In an increasingly cost-focused business environment, marketing is coming under more and more pressure to justify spending and achieve ROI hurdle rates laid down by management.
ROI has been a sensitive issue in marketing because of its inherent intangibility: For most marketing vehicles, it is difficult to directly estimate the proportion of revenues in the financial year that are the result of marketing.
Direct mail, on the other hand, seemingly makes it very easy to measure ROI. With direct mail, you have an upfront and direct measure of sales that came as a result of the campaign, since each application is tracked from mailing to response to closing.
An ANA-sponsored study conducted by WPP's Lightspeed Research in 2003 cited direct mail as the best vehicle for measuring ROI, and pointed to media advertising as the worst vehicle for measuring ROI. But contemporary methods of measuring direct mail ROI may not always be as accurate as one might like to believe.
Direct mail accounts for up to 20% of total advertising spend, and it might be well worth the effort to compare standard direct mail ROI measurement to methods used in measuring ROI for other vehicles.
How do DM campaigns typically measure ROI?
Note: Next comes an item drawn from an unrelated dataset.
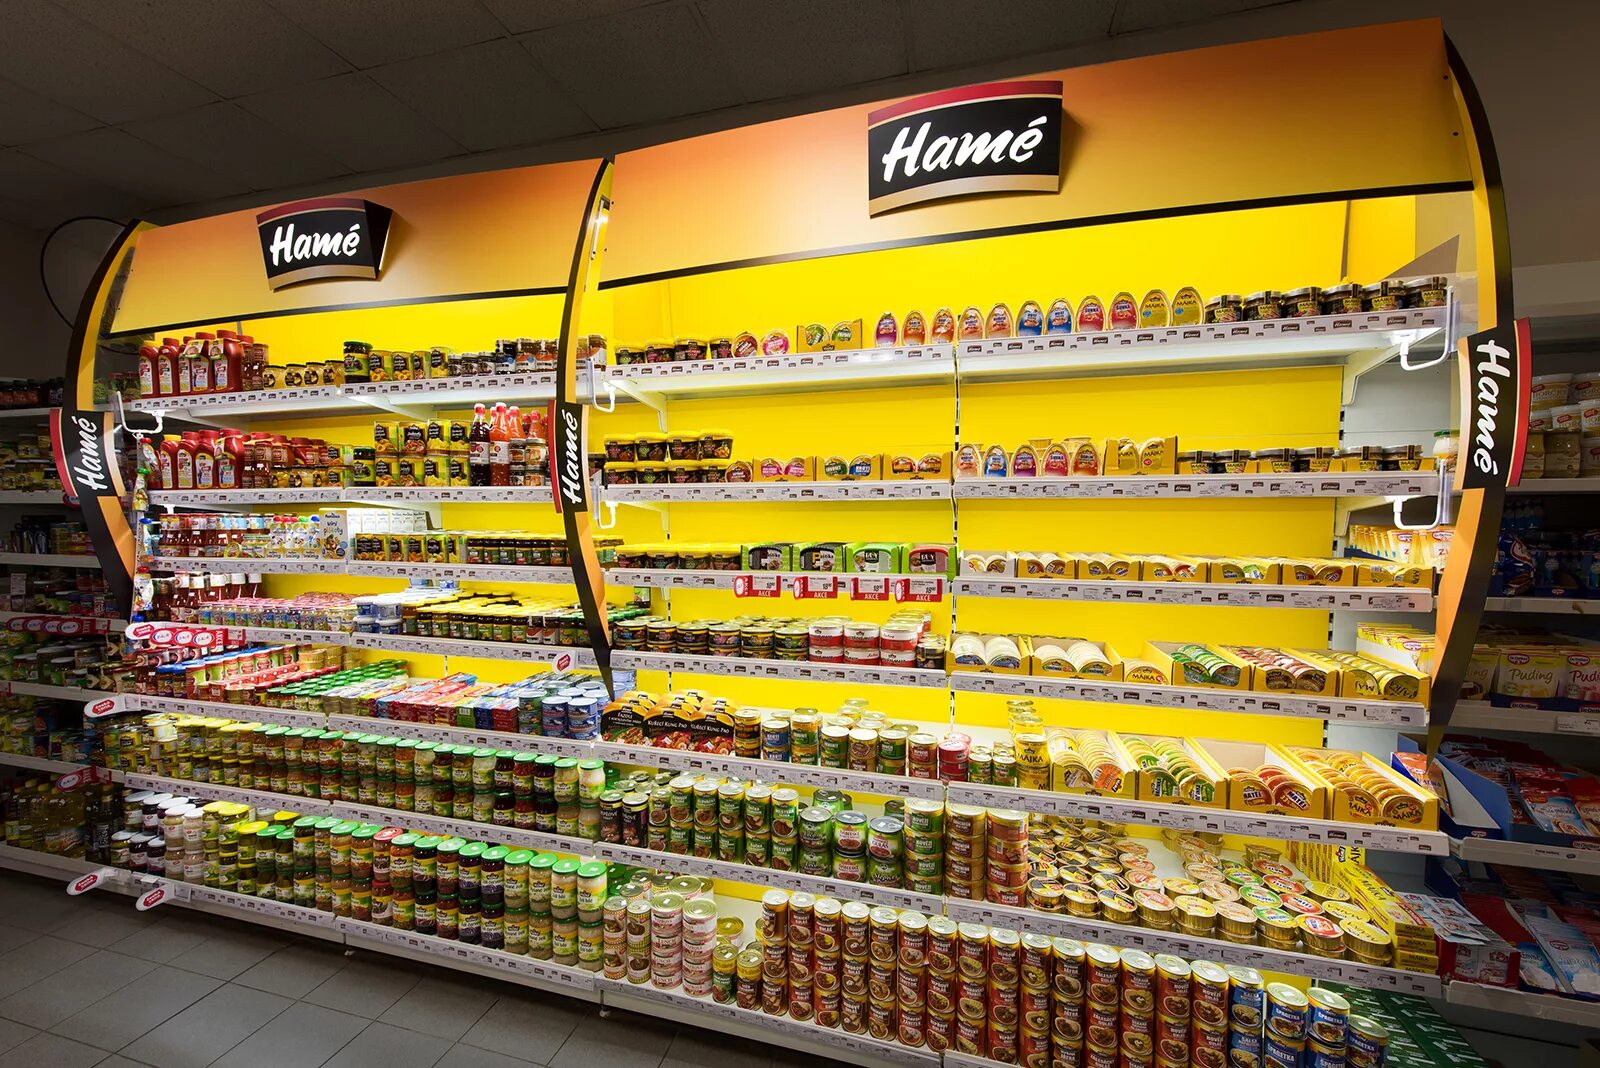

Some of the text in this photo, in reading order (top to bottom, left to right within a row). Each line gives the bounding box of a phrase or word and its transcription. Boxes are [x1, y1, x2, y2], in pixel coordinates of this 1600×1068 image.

Typical DM campaigns use control groups to evaluate performance of campaigns. A control group is a subset of the total population that is to receive mail in a campaign. This control group is set aside and not sent any mail as part of that campaign, which gives marketers a measure of what sales would have been in the absence of direct mail.
The population that receives mail is called the test group. Revenue per customer is calculated for both groups over a time period that includes the promotion period and a sufficient amount of time afterward to rule out purchase acceleration impact (revenue per customer = Total Revenues in group / Number of people in the group). The higher the number of responders in a group (control or test) the greater the revenue per customer.
Incremental revenue per customer is calculated as the difference in revenue per customer for the test group and revenue per customer for the control group. Incremental revenue per customer is a measure of revenue that is above and beyond revenue that could be expected in the absence of the direct mail campaign.
Dividing this number by the campaign cost per customer (calculated as campaign cost / number of people mailed) yields the ROI of the campaign.
How is ROI typically measured for other vehicles?
Mass media ROI, on the other hand, is usually calculated using econometric techniques like marketing-mix modeling, because it is virtually impossible to directly measure what proportion of total sales is due to a particular mass media channel (except in the case of direct response advertising).
These models de-compose total sales into sales due to each marketing activity, while controlling for environmental, seasonal, and competitive effects. You can calculate ROI for each marketing activity by dividing revenues (or profits) from each marketing activity by the cost of that activity.
So can these two approaches yield different results (and why)?
If direct mail ROI is measured using mass media techniques like marketing-mix models, you could end up getting different results, and depending on circumstances either one of them could be closer to the correct ROI.
There could be two potential issues with measuring direct mail ROI using control groups. First of all, you could have a very small control group in comparison with the population being mailed, which could affect the robustness of the results. This is especially true if the mailed population is geographically or demographically diverse, as this would increase the probability that the control group is not truly representative of the mailed population.
The control group might also be exposed to different environmental and marketing stimuli (apart from direct mail) than the mailed population. This might cause differences in revenue per customer in control group to be different from the test group for reasons other than direct mail... but erroneously attributed to direct mail.
In marketing-mix models, this problem doesn't occur because there is no control group per se, and all substantial variables that impact sales are typically included in the model.
Direct mail ROI measured from marketing-mix model can be erroneous if significant variables that drive sales are excluded from the model. But the drawback of this approach is that it needs a lot of effort in terms of time, data collection, and modeling (conversely, it has the benefit of measuring ROI for all vehicles in one go).
In conclusion, both approaches can yield similar results if the limitations of each is understood and factored into the final estimate. If the mail population is relatively homogenous, it may not be necessary to use marketing-mix models to measure direct mail ROI, but for a diverse target population it may be better to use marketing-mix models to estimate ROI.